### Task to complete
Exactly reproduce the lines of the listing below from the one containing "Some of the text" through the one containing "this 1344×1512 image.". Skip the images.

-------- Materials provided --------

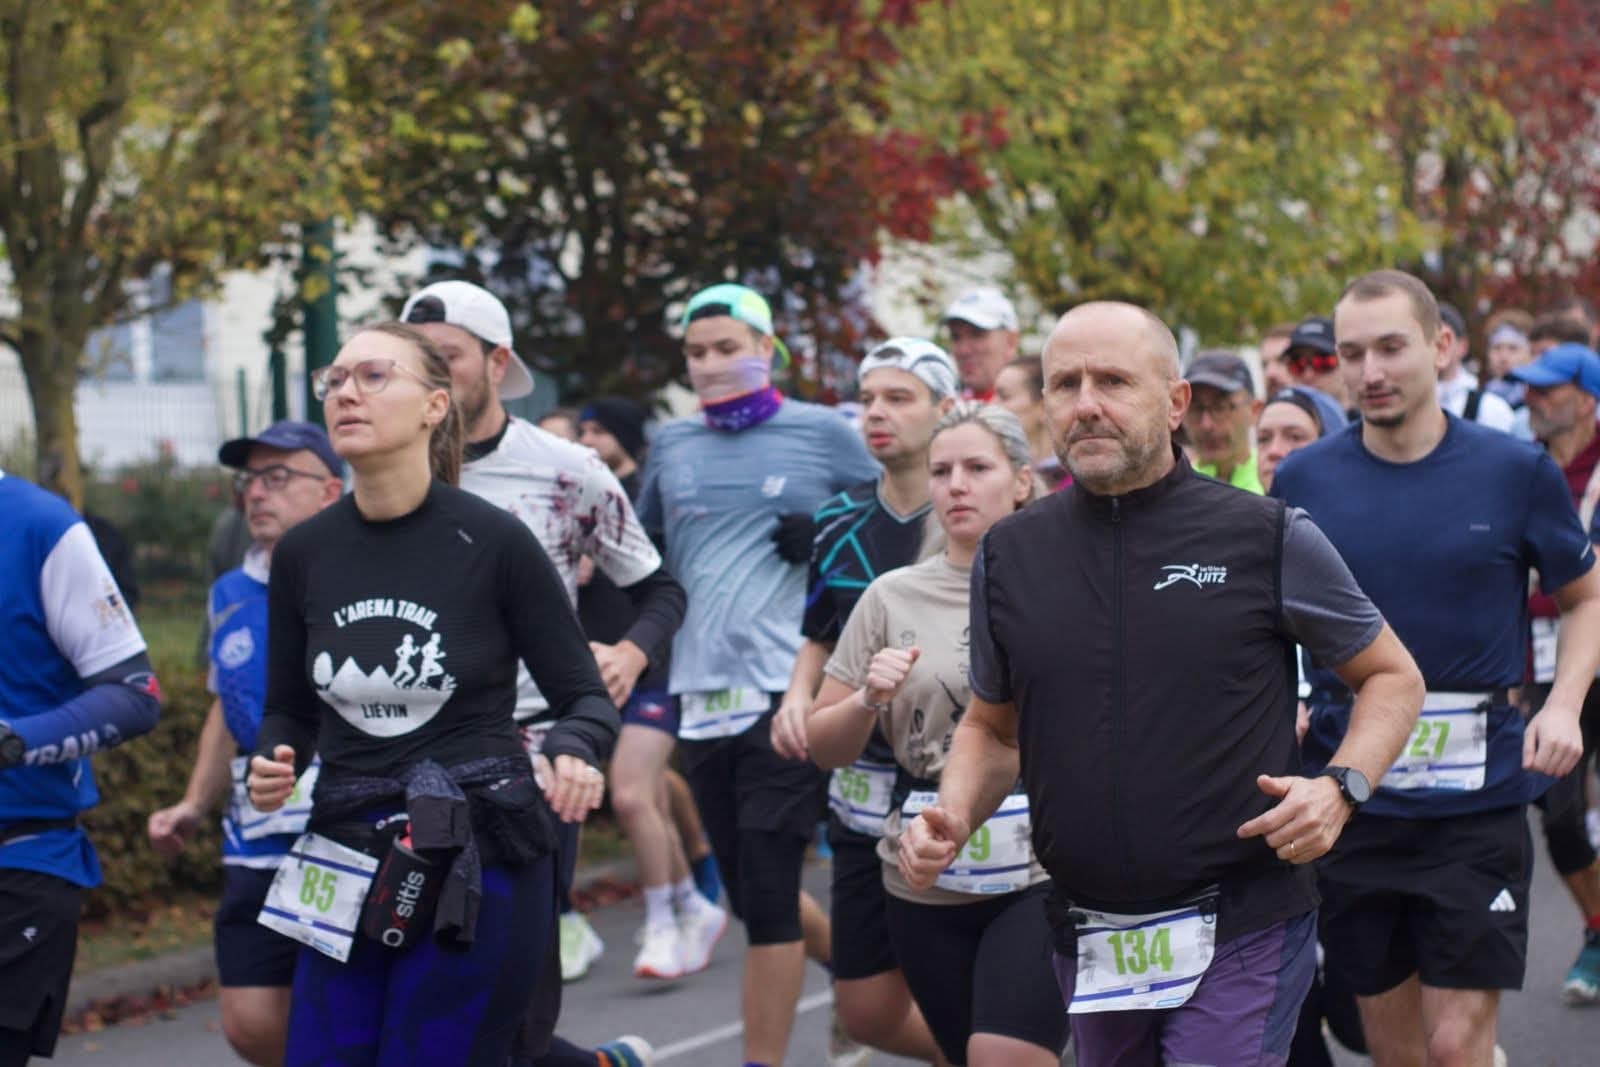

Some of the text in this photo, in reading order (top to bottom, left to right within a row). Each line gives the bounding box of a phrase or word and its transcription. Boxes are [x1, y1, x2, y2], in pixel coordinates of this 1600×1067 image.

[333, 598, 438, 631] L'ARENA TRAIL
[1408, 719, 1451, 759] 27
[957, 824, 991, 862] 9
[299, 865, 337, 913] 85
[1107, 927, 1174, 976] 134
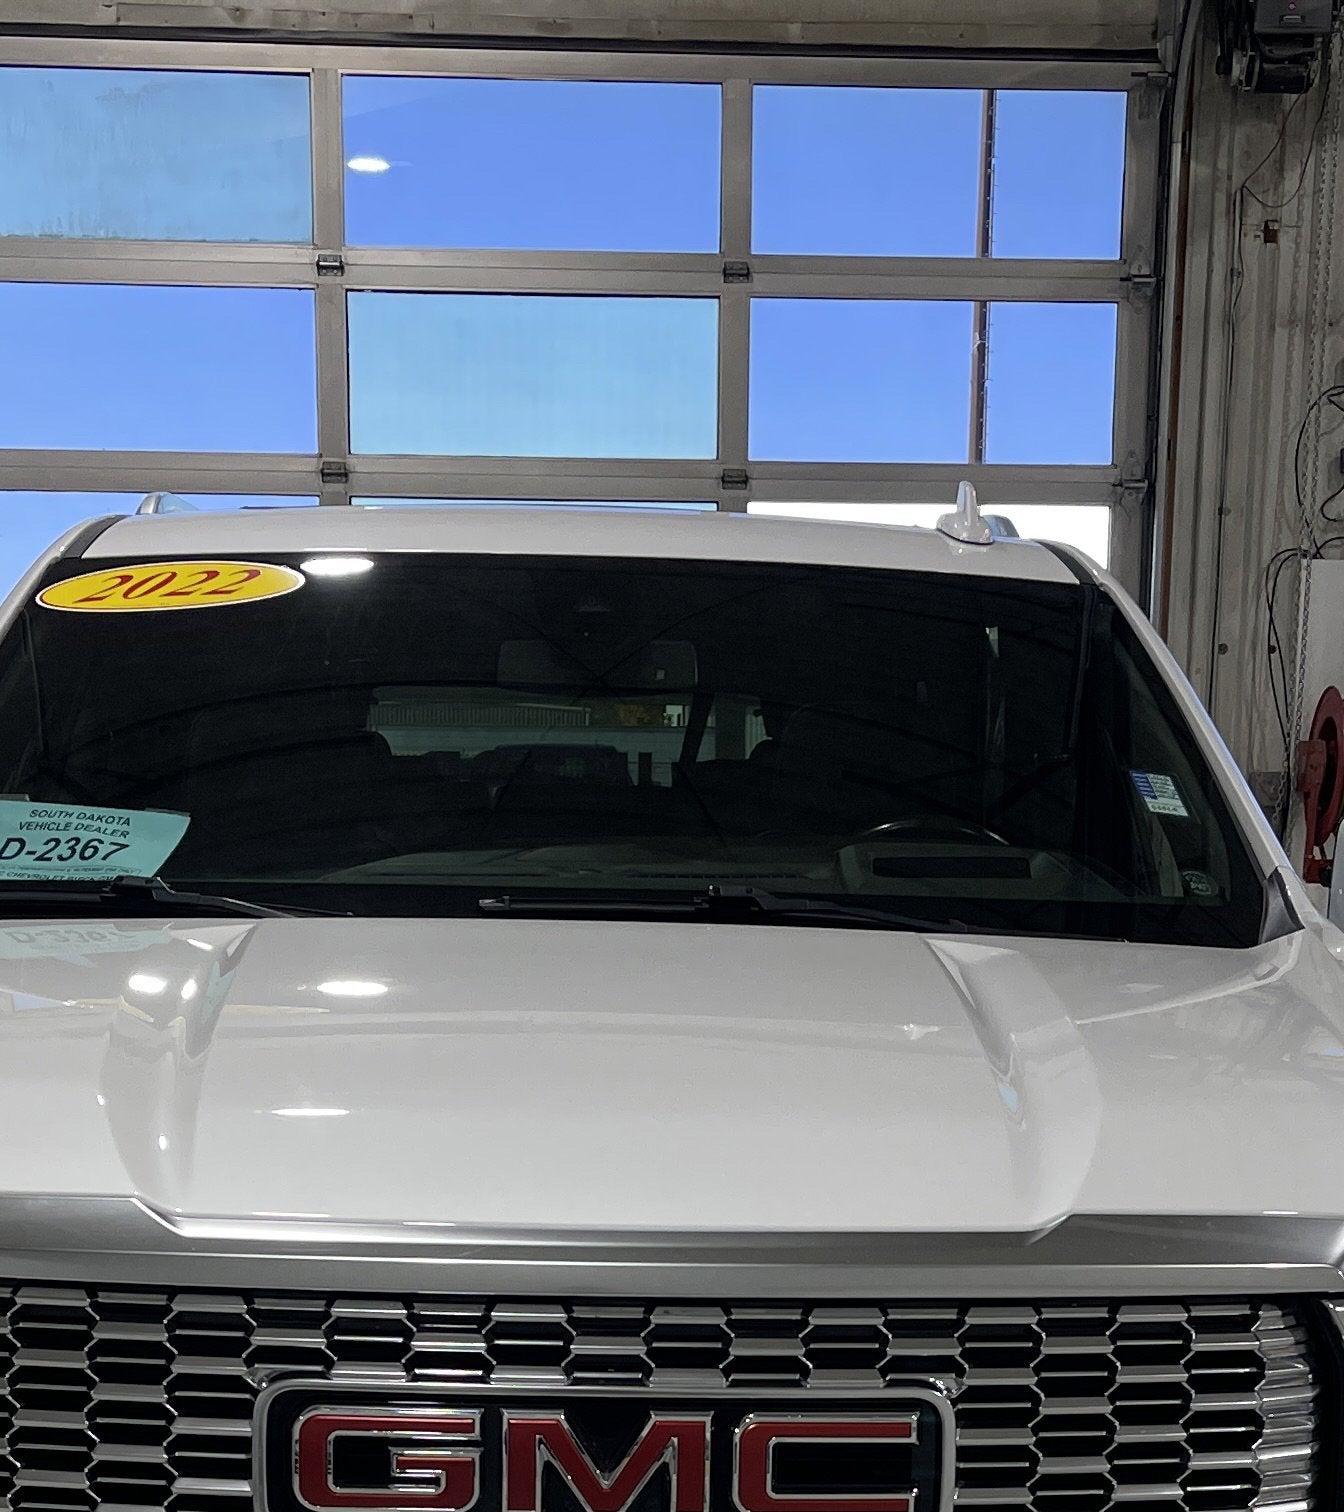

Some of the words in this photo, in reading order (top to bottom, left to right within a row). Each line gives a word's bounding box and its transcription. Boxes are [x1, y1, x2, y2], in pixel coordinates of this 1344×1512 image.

--------
-------- Materials provided --------

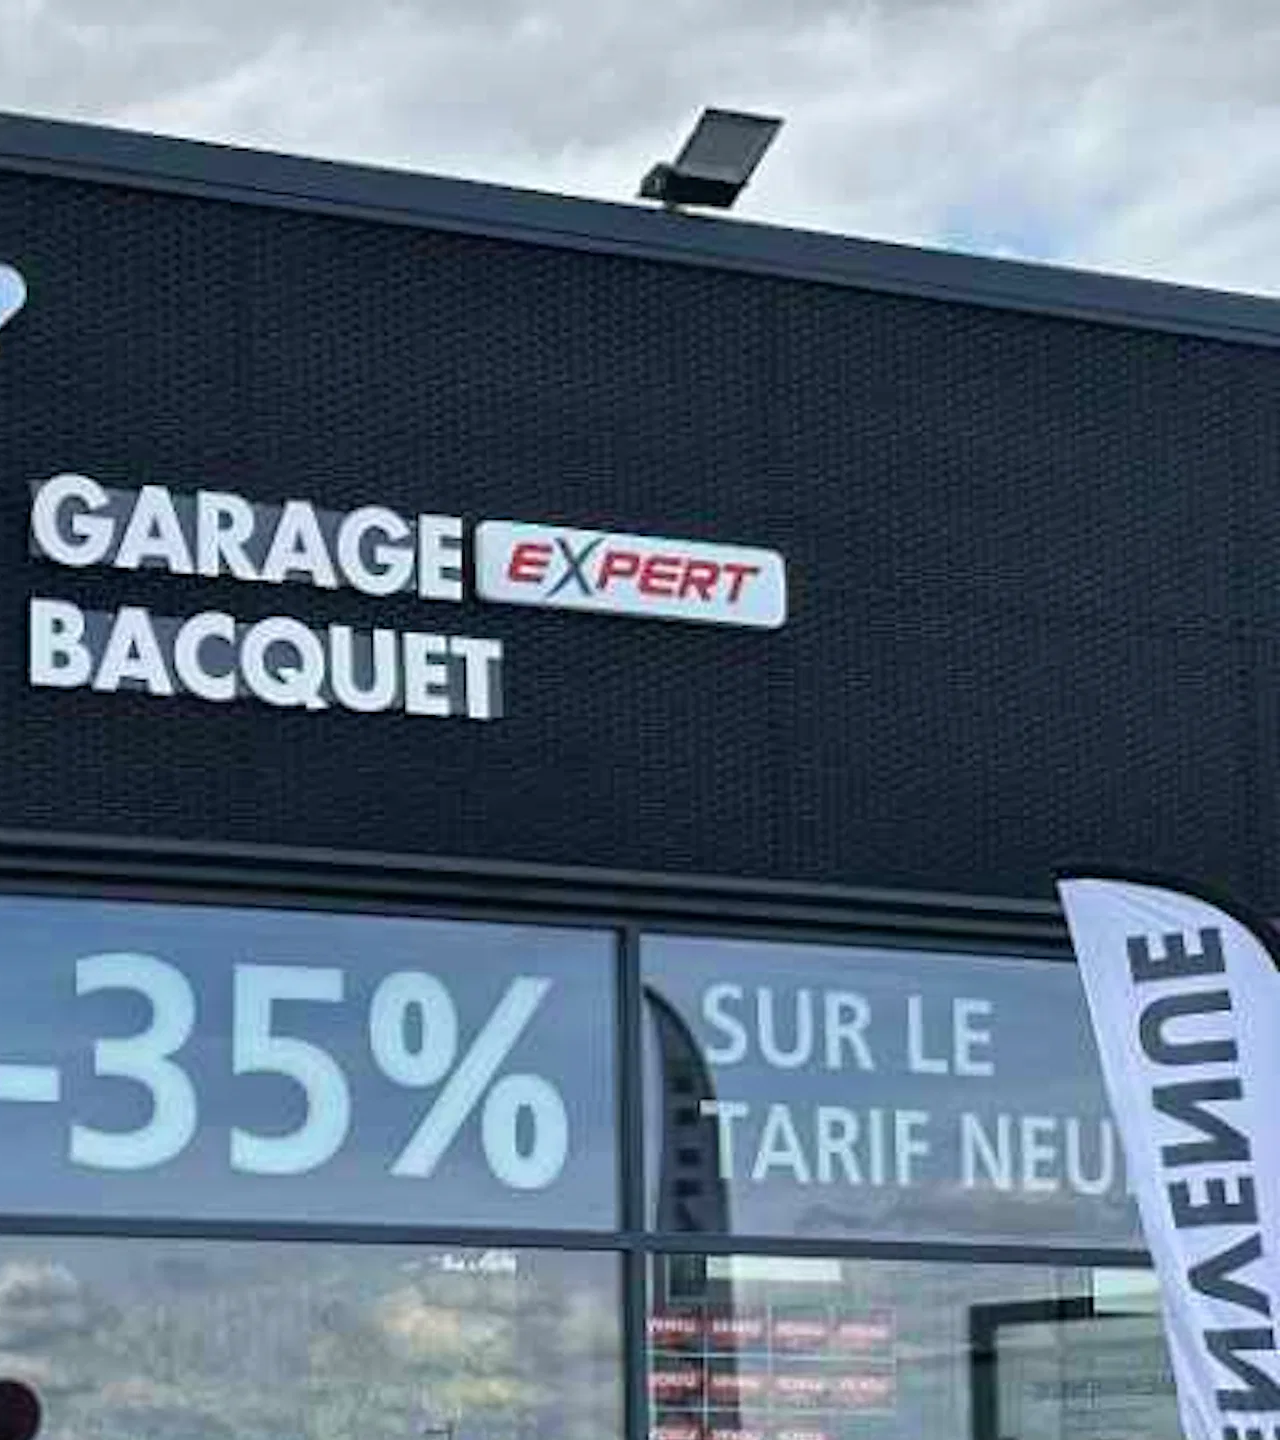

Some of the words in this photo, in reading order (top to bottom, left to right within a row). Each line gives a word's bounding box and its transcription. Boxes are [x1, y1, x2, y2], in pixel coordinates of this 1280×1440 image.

--------

### Solution for this exercise
Some of the text in this photo, in reading order (top to bottom, left to right within a row). Each line gives the bounding box of a phrase or word and its transcription. Boxes are [x1, y1, x2, y2], in pixel coordinates of this 1600×1067 image.

[333, 598, 438, 631] L'ARENA TRAIL
[1408, 719, 1451, 759] 27
[957, 824, 991, 862] 9
[299, 865, 337, 913] 85
[1107, 927, 1174, 976] 134

Some of the words in this photo, in reading order (top to bottom, left to right within a row). Each line gives a word's bounding box and its transcription. Boxes are [x1, y1, x2, y2], in pixel coordinates of this 1344×1512 image.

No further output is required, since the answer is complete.